David Lippman, TCW Group Inc. president and CEO, remembers that when he was new to the investment management business, he never would have had the courage to approach the boss.
So now that he's the boss, he goes to his employees. It's all part of an egalitarian atmosphere he has hoped to create at TCW.
“Anyone in the company can thrive with hard work, drive and talent,” he said. This egalitarian bent helps TCW retain talented employees, he said.
“Asset management is a funny business filled with super intelligent people who are really well paid,” Mr. Lippman said. “They could work at a host of other firms that look and smell the same.”
Two-thirds of TCW employees have been at the firm for longer than five years, with the remaining third at TCW for more than a decade, he said.
“We have an ownership mentality,” Mr.
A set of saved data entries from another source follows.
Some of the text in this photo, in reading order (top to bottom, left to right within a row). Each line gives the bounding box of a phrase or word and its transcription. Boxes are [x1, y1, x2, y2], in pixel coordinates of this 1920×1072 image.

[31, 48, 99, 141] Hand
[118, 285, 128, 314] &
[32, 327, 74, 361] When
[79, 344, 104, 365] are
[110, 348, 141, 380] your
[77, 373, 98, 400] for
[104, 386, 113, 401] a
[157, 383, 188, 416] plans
Lippman said.
Last year, for the first time in its 44-year history, executives at the firm gave its lowest paid workers — the dining room staff — a one-time bonus so they, too, could share in TCW's significant assets under management growth in 2014, Mr. Lippman said.
“The importance of the bonus was how they acted months afterward. ... They were part of the team,” he said.
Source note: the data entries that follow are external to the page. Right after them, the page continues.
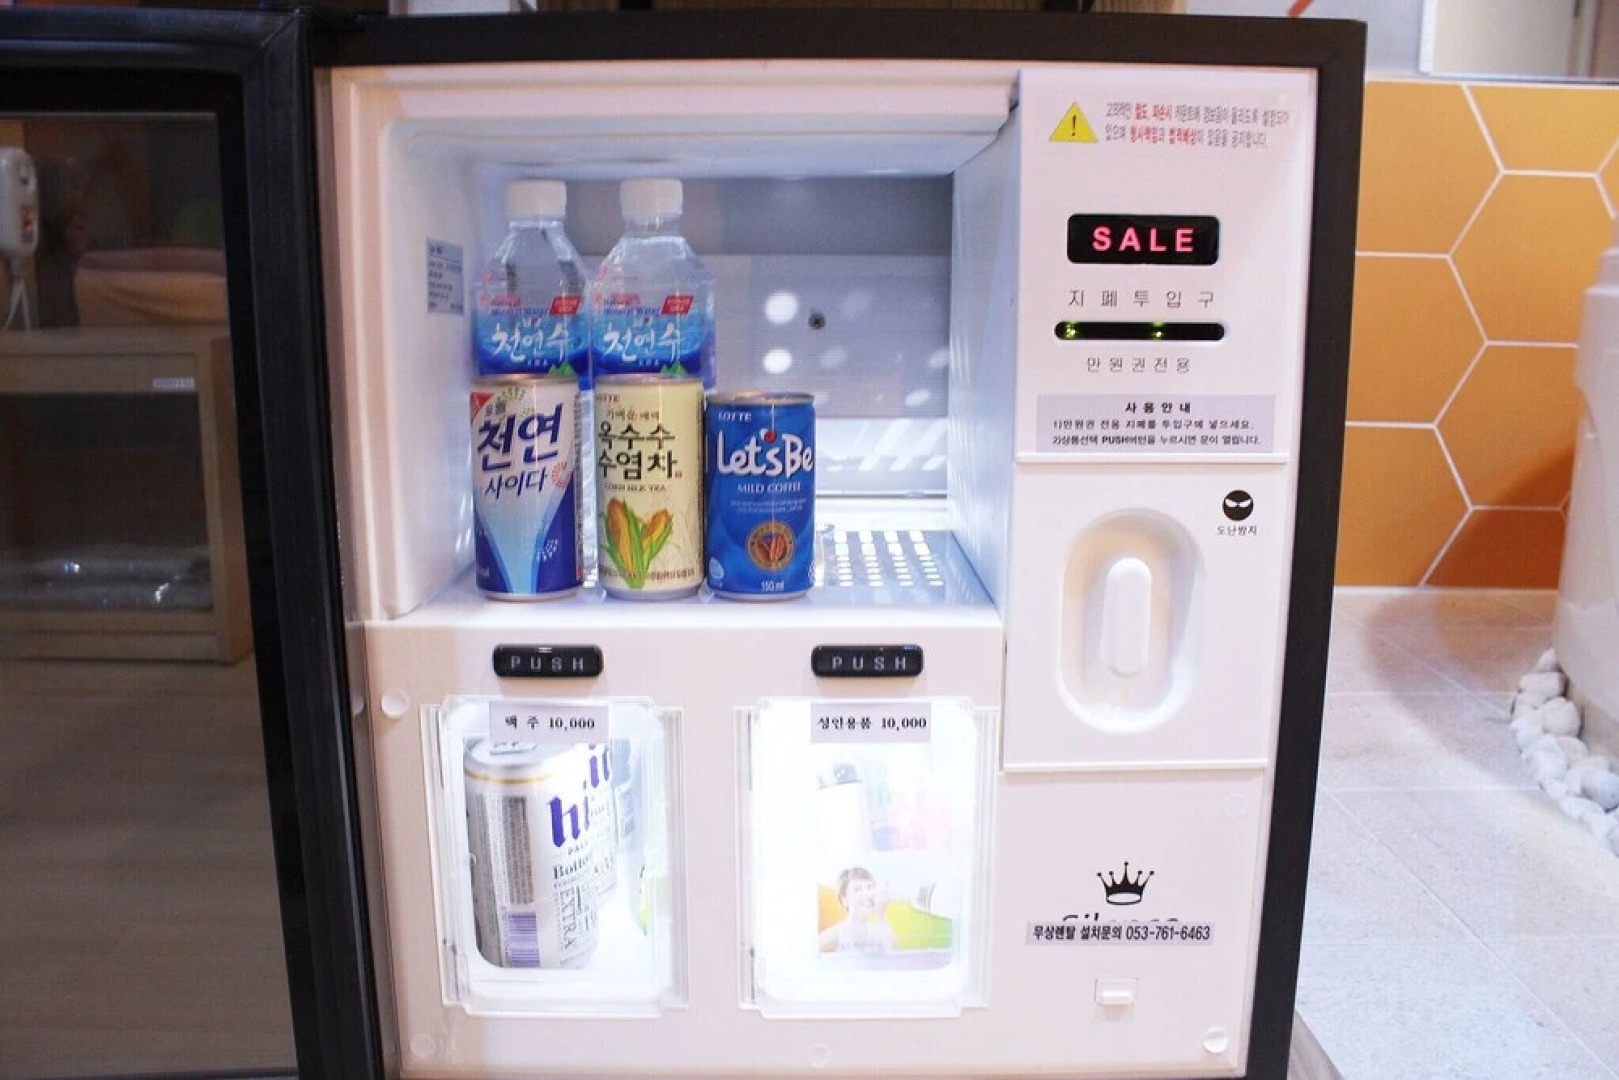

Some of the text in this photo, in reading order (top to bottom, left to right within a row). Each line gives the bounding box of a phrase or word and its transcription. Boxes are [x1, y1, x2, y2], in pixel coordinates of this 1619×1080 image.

[1092, 226, 1194, 252] SALE
[719, 412, 752, 421] LOTTE
[478, 404, 563, 471] 천연
[599, 421, 675, 451] 옥수수
[717, 428, 814, 479] Let's Be
[598, 450, 677, 480] 수염차
[485, 467, 547, 499] 사이다
[510, 655, 584, 672] PUSH
[831, 655, 907, 671] PUSH
[549, 717, 596, 731] 10,000
[881, 717, 928, 731] 10,000
[1126, 925, 1210, 940] 053-761-6463
In their responses to a question about what they liked best about working at TCW, employees commented on their managers' support and the performance-based culture. One cited “recognition through awards, promotions and compensation for doing a good job.”
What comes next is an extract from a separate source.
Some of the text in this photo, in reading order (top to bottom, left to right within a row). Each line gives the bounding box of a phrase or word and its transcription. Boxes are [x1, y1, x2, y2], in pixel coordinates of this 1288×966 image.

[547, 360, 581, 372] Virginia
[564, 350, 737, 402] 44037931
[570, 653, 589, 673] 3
Mr. Lippman joined the firm when TCW acquired his old firm, Metropolitan West Asset Management LLC, in 2010. That's where he and his team learned “humility,” he said.
At MetWest, they would spend the first 10 minutes of every conversation with potential clients explaining that they were not related to Metropolitan Life.
“No, Snoopy is not our mascot,” he joked, sitting in his office overlooking the crane-filled views of downtown Los Angeles.
Then turning serious: “We're not rock stars. We are stewards of other people's money.”
Mr. Lippman says he walks around the office to make sure he knows all of TCW's employees.
“People are surprised by the things that hit the CEO's radar,” said Cheryl Marzano, a TCW managing director and head of human resources.
TCW programs such as its legacy TCW University have helped employees from different departments meet each other. Recently, a person from trading sought the help of a research analyst about various chemotherapy drug therapies for the trader's father, who had just been diagnosed with melanoma, Mr. Lippman recounted. The researcher immediately assisted the trader with information she had at her fingertips.
Mr. Lippman acknowledges that TCW's high-achiever culture means the work-life balance is often tipped toward work. Some traders get into work at 4:30 a.m., with many people putting in 12-hour days. “By the time they get home they are chopped meat,” he said. “I walk to the fixed-income floor at 7 p.m. to kick them out.”
That is why TCW participates in events that include employees' families, such as volunteering at the United Way's Homewalk, a 5K run and walk to end homelessness, and the Special Olympics, Ms. Marzano said.
“Things like that bring people together,” she said.